I’ve been drawing and painting for a short amount of time now. I started taking my illustrations more seriously when I was a senior in high school, my notebook doodles were demanding a larger space to exist in. These characters and scenarios I draw are quite loud. My inspiration largely comes from the graphic style of my favorite cartoons and comics of my childhood. During my time in college, I would often draw while sitting under LED strip lights and color changing wall panels. I noticed one day that the hues emitting from my lights would interact with the materials I was putting in my drawings, and I started to create more projects that could display a wide range of saturation, illumination, and light shifting. A large portion of my drawings are experiments with color as much as they are telling a story. I like working with two dominants that are either very contrasting or monochromatic.

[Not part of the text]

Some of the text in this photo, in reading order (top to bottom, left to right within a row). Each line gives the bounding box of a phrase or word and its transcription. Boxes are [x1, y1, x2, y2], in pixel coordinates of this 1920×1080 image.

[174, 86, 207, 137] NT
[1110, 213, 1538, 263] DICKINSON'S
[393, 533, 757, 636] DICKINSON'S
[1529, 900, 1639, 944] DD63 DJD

Working with neon and black light is especially striking to me because of the interaction with UV light that is invisible to the human eye. I like to think this effect gives my work another dimension to be experienced, something outside what our senses can comprehend is unveiled. I mostly use it as an accent for the overall scheme of what’s going on. A subject can appear normal when the black light is off, but once the switch is flipped suddenly there’s more to be witnessed. Colors will fade away to the black or be brought up to this new foreground, and the eyes can explore the art with different movement. Often times I’m using neon to highlight the iris of eyes, the cracks of lightning, or the swirling winds of interdimensional energy.

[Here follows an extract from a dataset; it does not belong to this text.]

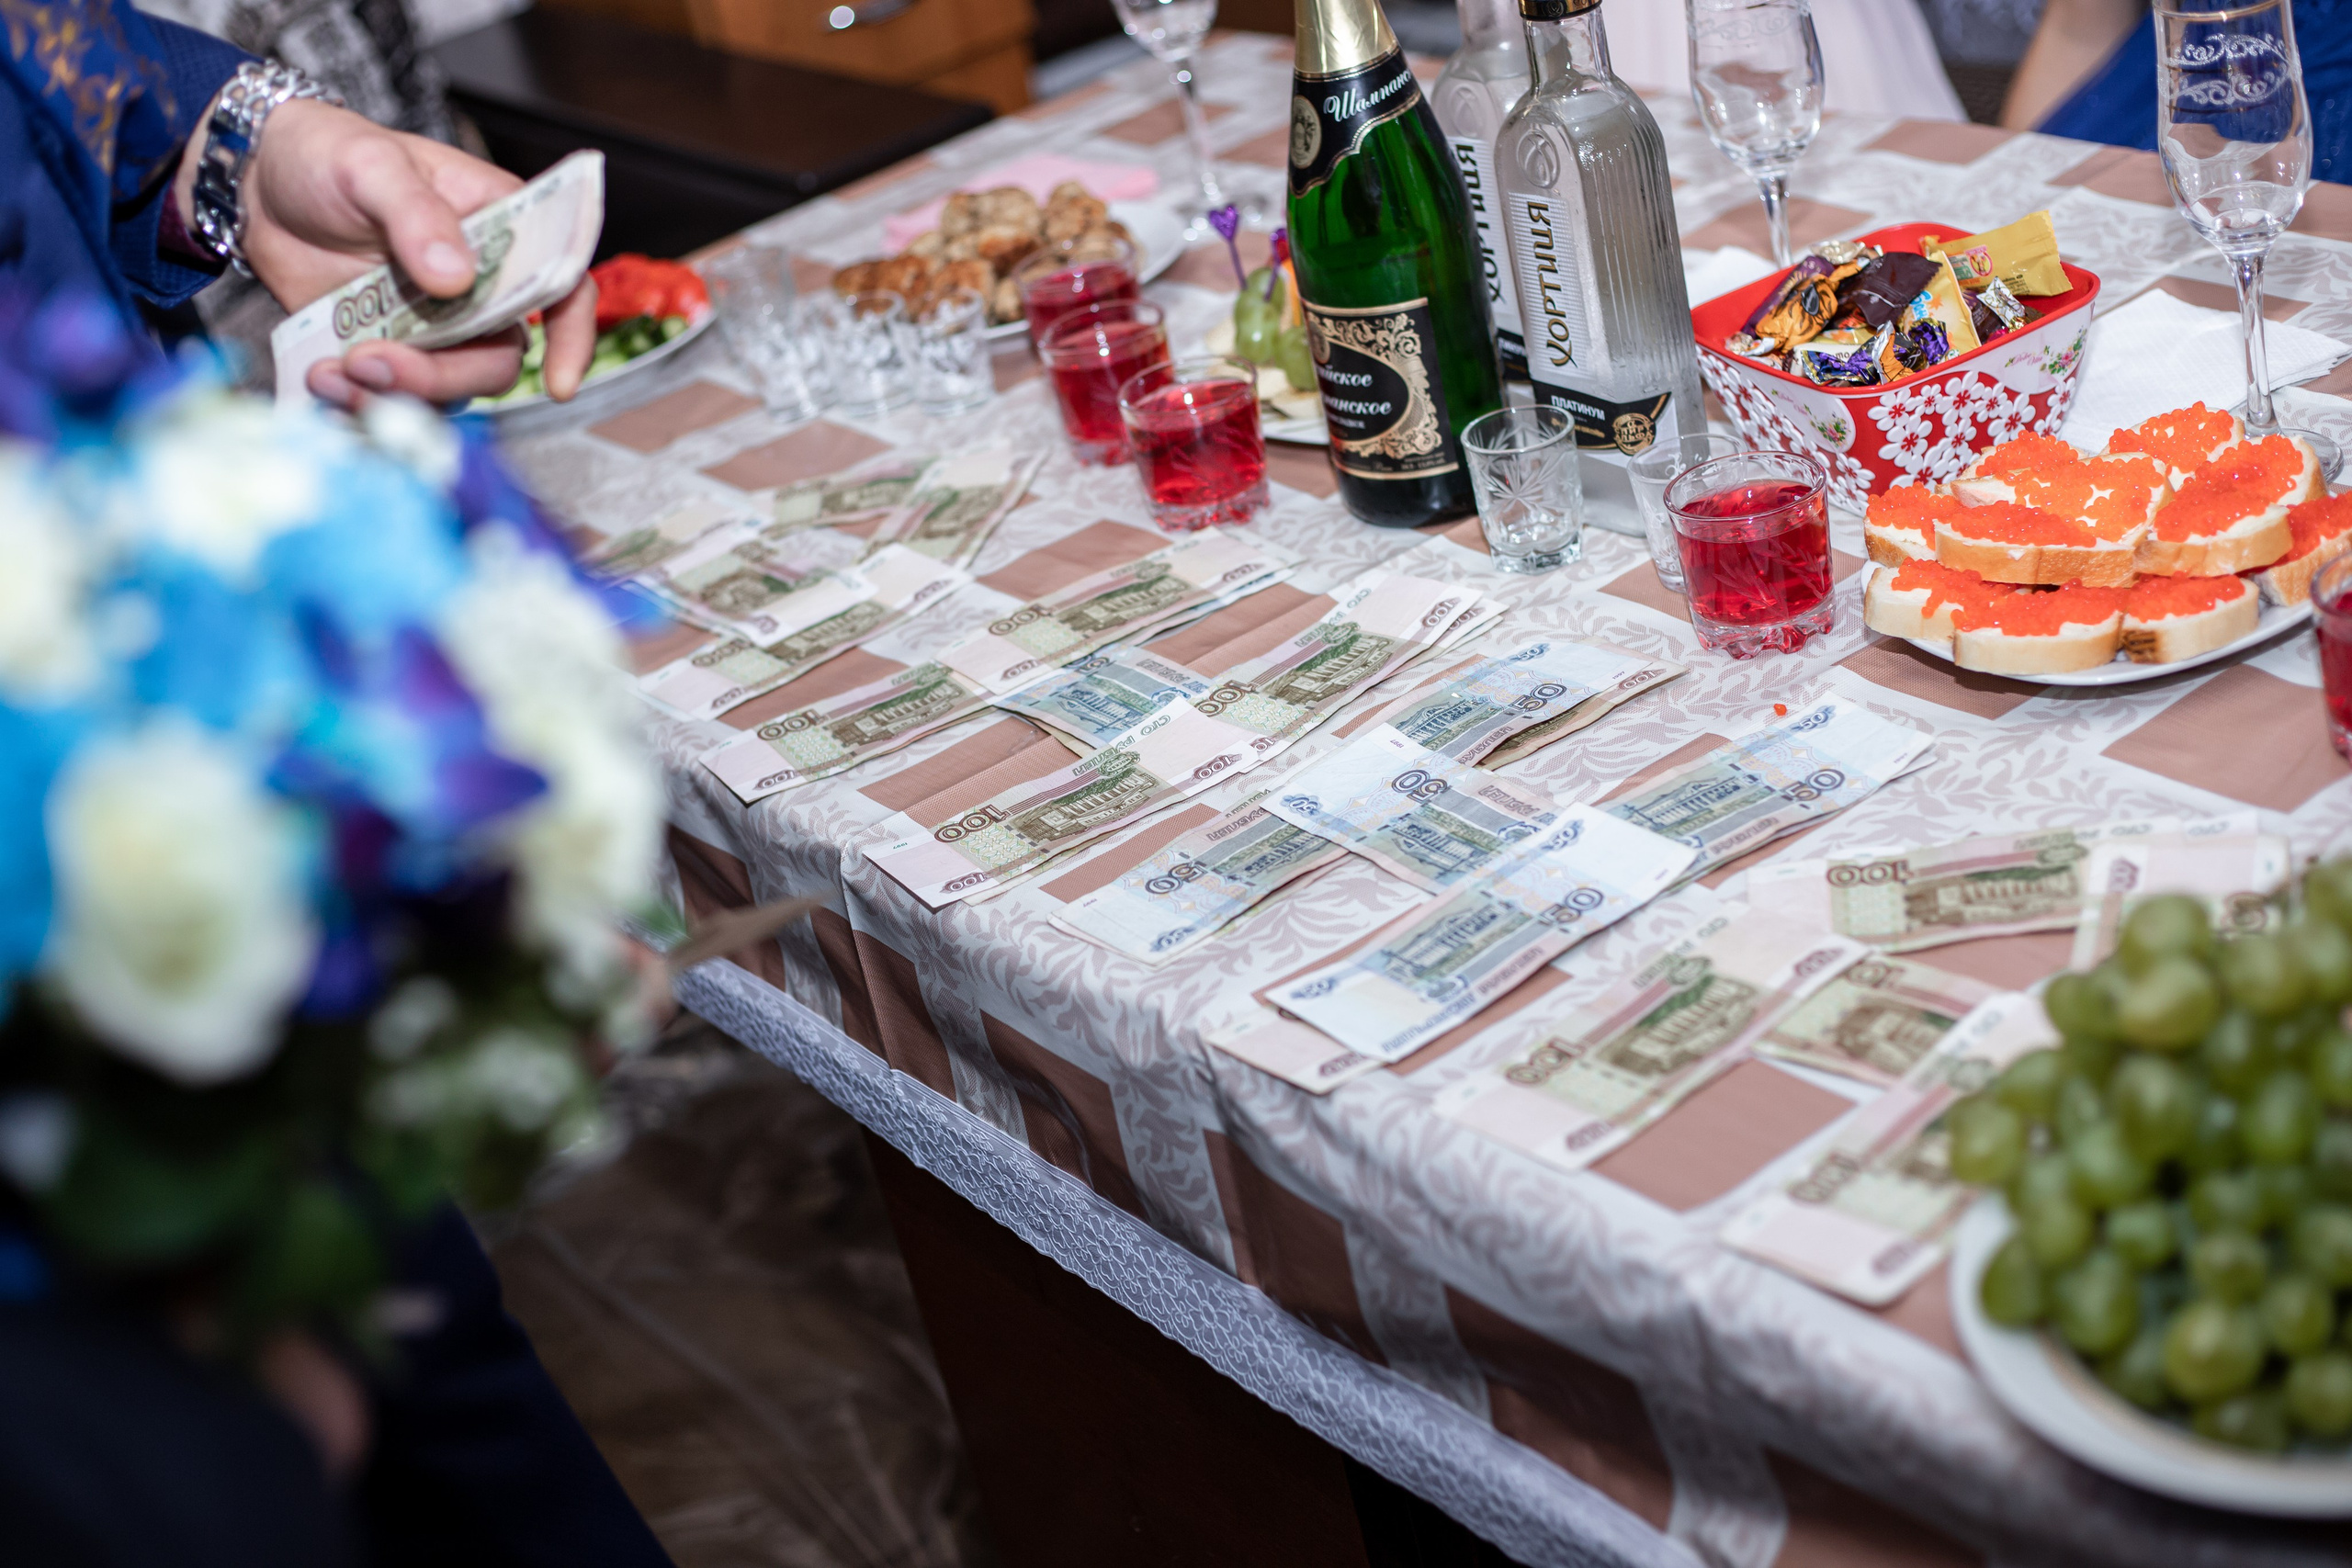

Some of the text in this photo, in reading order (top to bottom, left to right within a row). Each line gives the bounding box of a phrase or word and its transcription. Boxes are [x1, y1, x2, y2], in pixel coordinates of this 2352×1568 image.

Artwork for the 2022 Darien Alumni Art Show, June 10th - 13th
Beach Boogie - Spray paint and fluorescent acrylic on wood, 30”x 19”, not for sale, 2020
Guh - ink, alcohol markers, fluorescent alcohol markers on sketch paper, 11”x14”, not for sale, 2022
This piece stems from a catch phrase that I coined with some close friends in college. Guh is something of an expressionary statement, and I usually say it under the context that certain stimulation is so satisfying that words and phrases can’t really convey the feeling. On a deeper level, I derived this phrase from when I briefly studied concepts of traditional Japanese aesthetics, especially the concept of yugen (幽玄). I utilize this concept in Guh to convey the subtle vague connections that all people share with each other as well as the greater Earth around us. The philosophy in general calls for disciples to study the subtle profundity of the world around them through things that are only vaguely suggested, such as birds flying in and out of clouds, leaves floating in the distance down a river, or watching the sun set below the horizon. I often find myself caught up in these subtley beautiful moments when I’m out and about in the world, and I wanted to record that feeling surrealistically.